(DATA FOR THE TASK Opens)

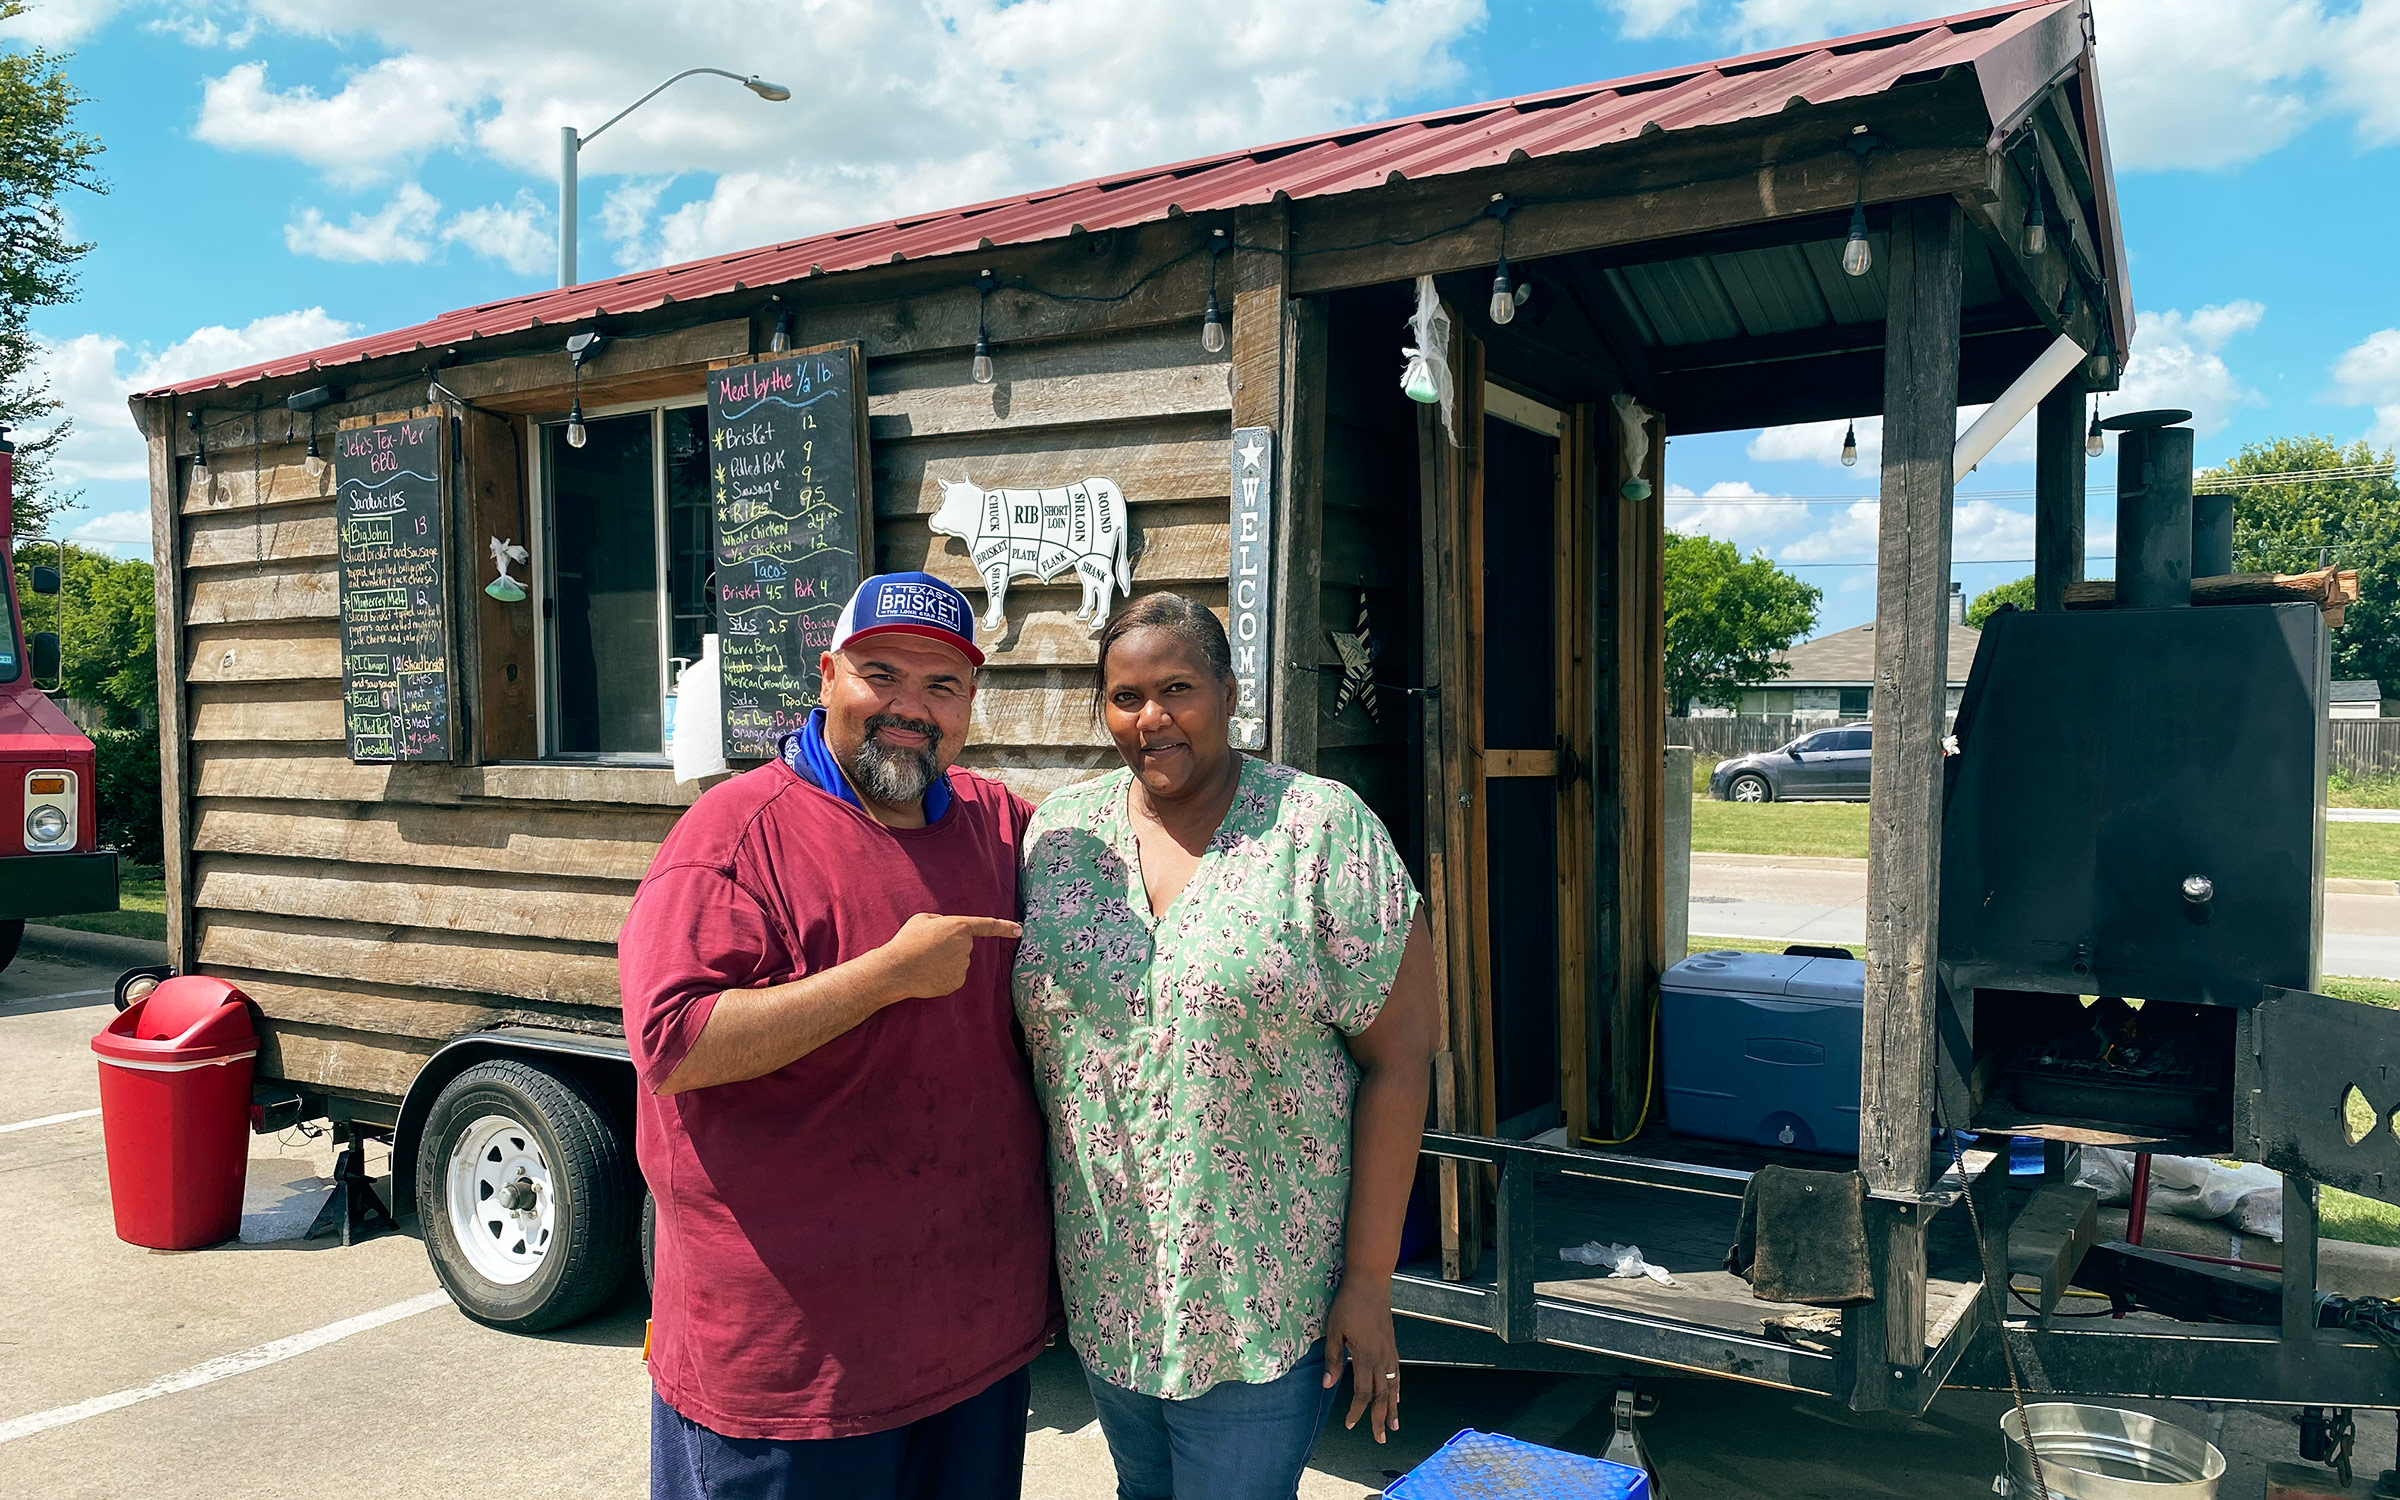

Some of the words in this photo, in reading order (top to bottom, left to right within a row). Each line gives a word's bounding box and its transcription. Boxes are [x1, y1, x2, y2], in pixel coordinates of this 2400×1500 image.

[719, 373, 751, 405] Meat
[753, 369, 770, 401] by
[771, 367, 793, 392] the
[726, 421, 775, 449] Brisket
[803, 415, 817, 430] 12
[370, 451, 398, 474] BBQ
[730, 454, 760, 478] Pulled
[763, 449, 785, 475] Pork
[803, 441, 813, 462] 9
[732, 480, 782, 503] Sausage
[801, 466, 812, 483] 9
[349, 488, 406, 511] Sandwiches
[733, 499, 769, 523] Ribs
[800, 486, 826, 511] 9.5
[1044, 505, 1068, 517] SHORT
[988, 494, 1000, 532] CHUCK
[1014, 505, 1039, 524] RIB
[1047, 518, 1066, 529] LOIN
[1074, 493, 1086, 543] SIRLOIN
[1097, 491, 1112, 534] ROUND
[414, 515, 428, 536] 13
[722, 532, 749, 547] Whole
[811, 534, 828, 549] 12
[976, 539, 1009, 565] BRISKET
[1012, 548, 1038, 562] PLATE
[1041, 550, 1068, 573] FLANK
[747, 560, 788, 577] Tacos
[1081, 561, 1107, 584] SHANK
[722, 583, 761, 601] Brisket
[765, 584, 785, 600] 4.5
[794, 578, 817, 598] Pork
[820, 580, 828, 597] 4
[901, 586, 943, 600] TEXAS
[991, 567, 1000, 598] SHANK
[1236, 477, 1260, 708] WELCOME
[881, 593, 958, 622] BRISKET
[918, 610, 936, 619] STAR
[767, 619, 789, 634] 2.5
[805, 631, 833, 648] Puddi
[778, 693, 801, 710] Topo
[800, 691, 822, 708] Chic
[393, 715, 402, 728] 8
[727, 710, 751, 727] Root
[356, 737, 395, 757] Quesadilla
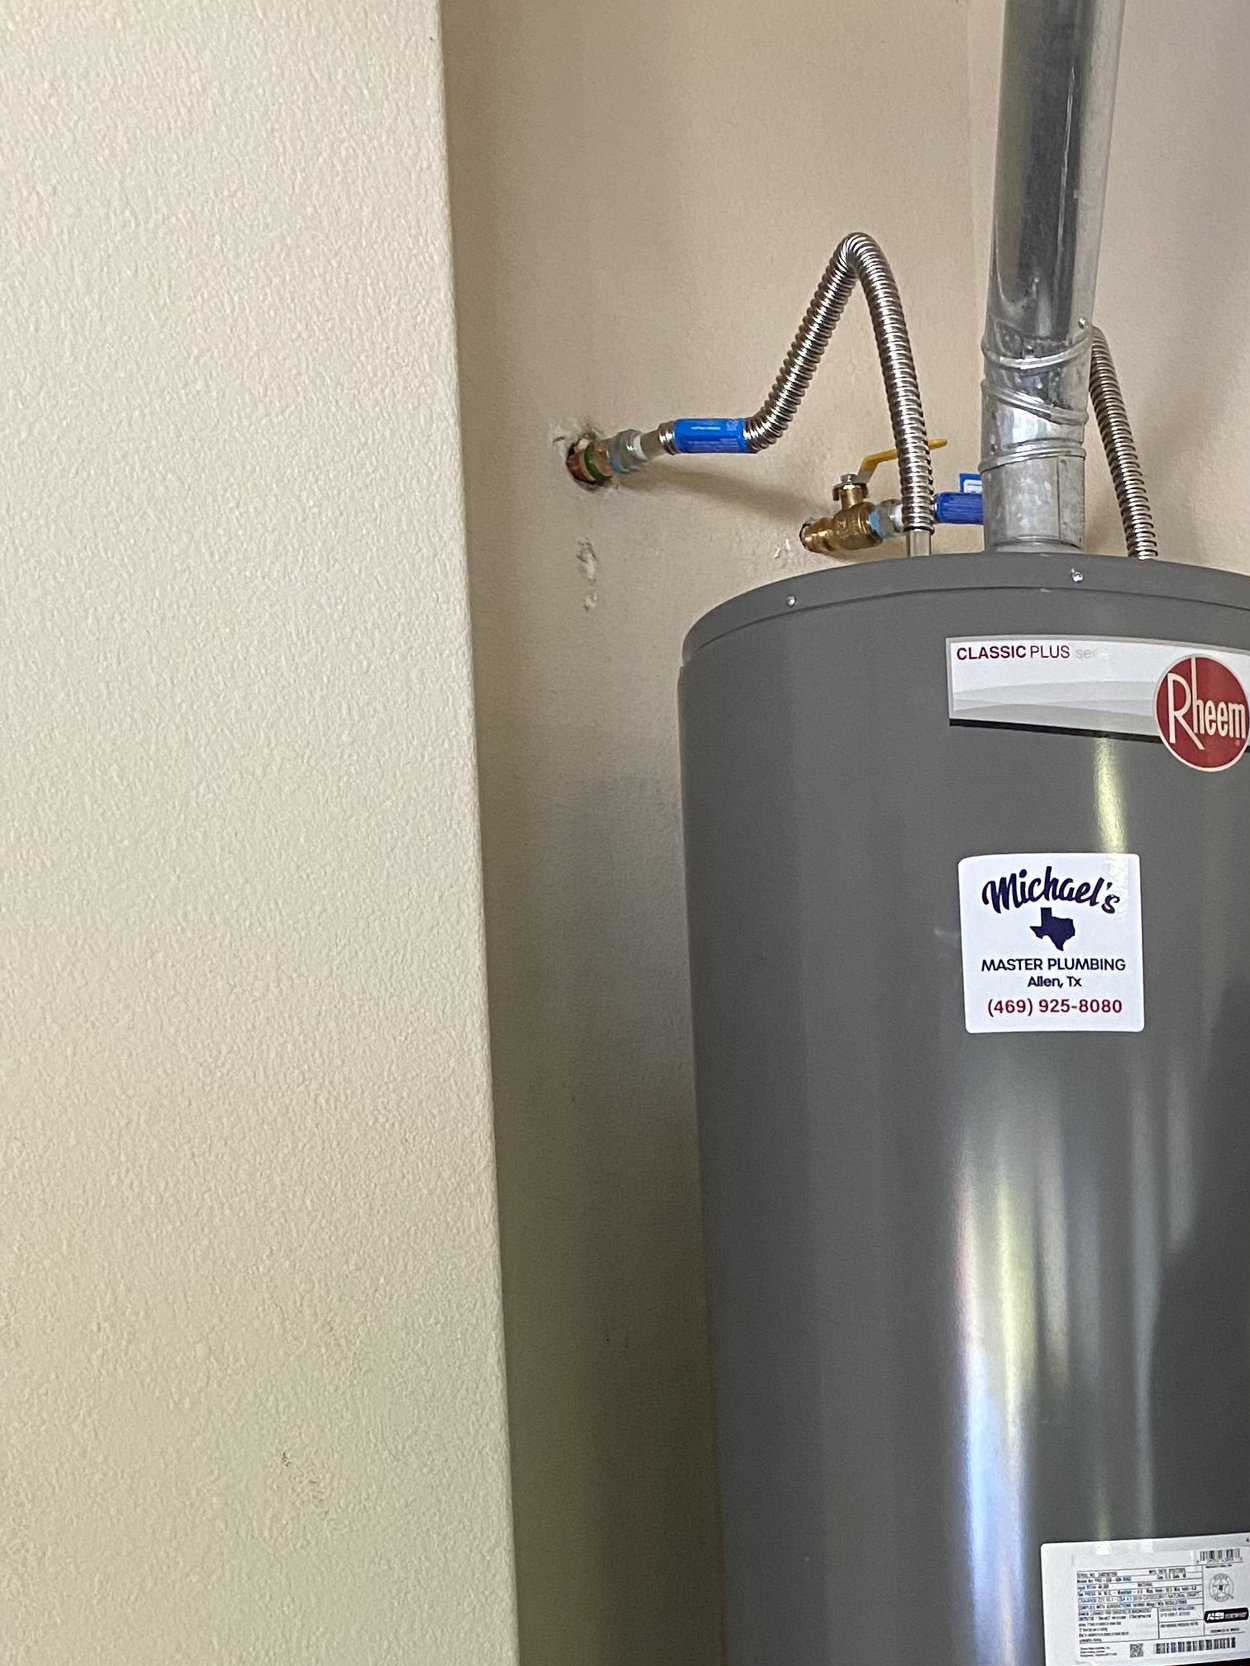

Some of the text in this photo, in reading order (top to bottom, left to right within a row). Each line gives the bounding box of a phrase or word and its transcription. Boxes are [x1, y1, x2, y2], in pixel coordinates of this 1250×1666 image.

(DATA FOR THE TASK Closes)

→ **EXERCISE GOAL**: With the images omitted, output all entries exactly as given.

→ **SOLUTION FOR THIS PROBLEM**:
Some of the words in this photo, in reading order (top to bottom, left to right within a row). Each line gives a word's bounding box and its transcription. Boxes are [x1, y1, x2, y2], in pixel coordinates of this 2400×1500 image.

[719, 373, 751, 405] Meat
[753, 369, 770, 401] by
[771, 367, 793, 392] the
[726, 421, 775, 449] Brisket
[803, 415, 817, 430] 12
[370, 451, 398, 474] BBQ
[730, 454, 760, 478] Pulled
[763, 449, 785, 475] Pork
[803, 441, 813, 462] 9
[732, 480, 782, 503] Sausage
[801, 466, 812, 483] 9
[349, 488, 406, 511] Sandwiches
[733, 499, 769, 523] Ribs
[800, 486, 826, 511] 9.5
[1044, 505, 1068, 517] SHORT
[988, 494, 1000, 532] CHUCK
[1014, 505, 1039, 524] RIB
[1047, 518, 1066, 529] LOIN
[1074, 493, 1086, 543] SIRLOIN
[1097, 491, 1112, 534] ROUND
[414, 515, 428, 536] 13
[722, 532, 749, 547] Whole
[811, 534, 828, 549] 12
[976, 539, 1009, 565] BRISKET
[1012, 548, 1038, 562] PLATE
[1041, 550, 1068, 573] FLANK
[747, 560, 788, 577] Tacos
[1081, 561, 1107, 584] SHANK
[722, 583, 761, 601] Brisket
[765, 584, 785, 600] 4.5
[794, 578, 817, 598] Pork
[820, 580, 828, 597] 4
[901, 586, 943, 600] TEXAS
[991, 567, 1000, 598] SHANK
[1236, 477, 1260, 708] WELCOME
[881, 593, 958, 622] BRISKET
[918, 610, 936, 619] STAR
[767, 619, 789, 634] 2.5
[805, 631, 833, 648] Puddi
[778, 693, 801, 710] Topo
[800, 691, 822, 708] Chic
[393, 715, 402, 728] 8
[727, 710, 751, 727] Root
[356, 737, 395, 757] Quesadilla

Some of the text in this photo, in reading order (top to bottom, left to right within a row). Each line gives the bounding box of a phrase or word and its transcription. Boxes are [x1, y1, x2, y2], in pixel coordinates of this 1250×1666 image.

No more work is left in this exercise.